What is required — Print the records below exactly, with no pictures.

*** Opening Stored data ***

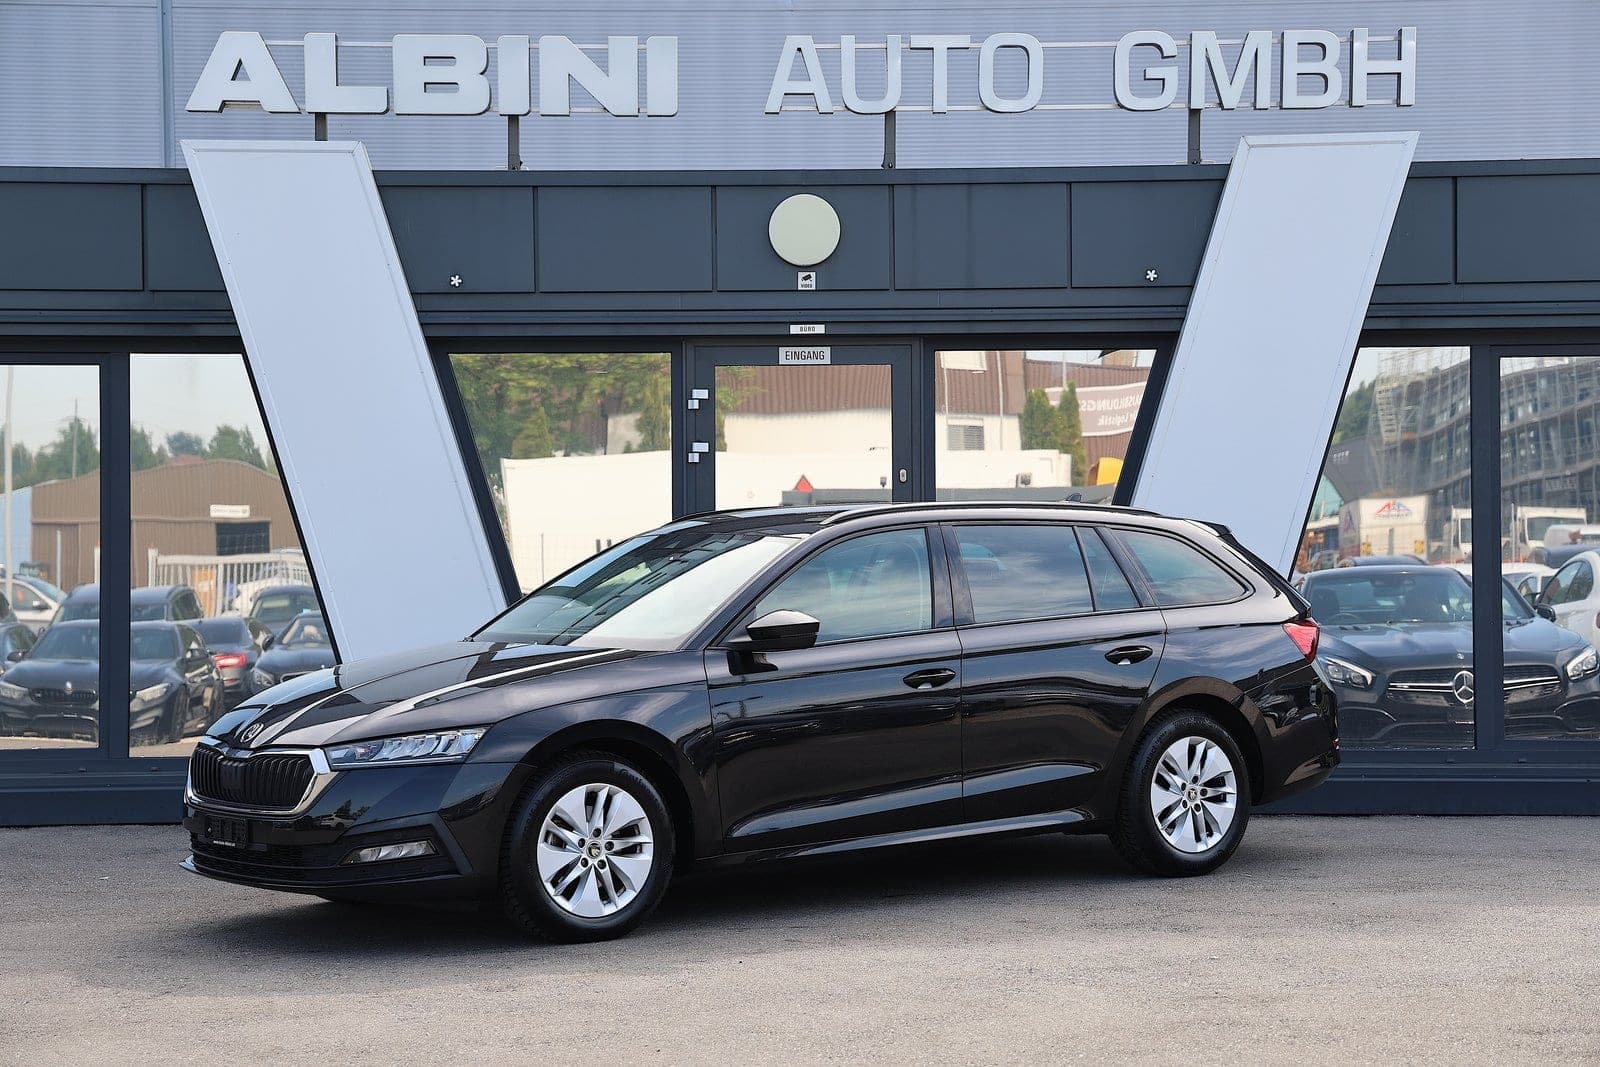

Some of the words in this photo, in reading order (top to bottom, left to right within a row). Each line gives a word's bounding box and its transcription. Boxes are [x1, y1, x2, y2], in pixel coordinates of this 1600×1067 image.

[185, 30, 679, 117] ALBINI
[764, 32, 1045, 114] AUTO
[1113, 26, 1417, 111] GMBH
[785, 350, 825, 360] EINGANG

*** Closing Stored data ***

Answer box —
Some of the words in this photo, in reading order (top to bottom, left to right within a row). Each line gives a word's bounding box and its transcription. Boxes are [x1, y1, x2, y2], in pixel coordinates of this 1600×1067 image.

[185, 30, 679, 117] ALBINI
[764, 32, 1045, 114] AUTO
[1113, 26, 1417, 111] GMBH
[785, 350, 825, 360] EINGANG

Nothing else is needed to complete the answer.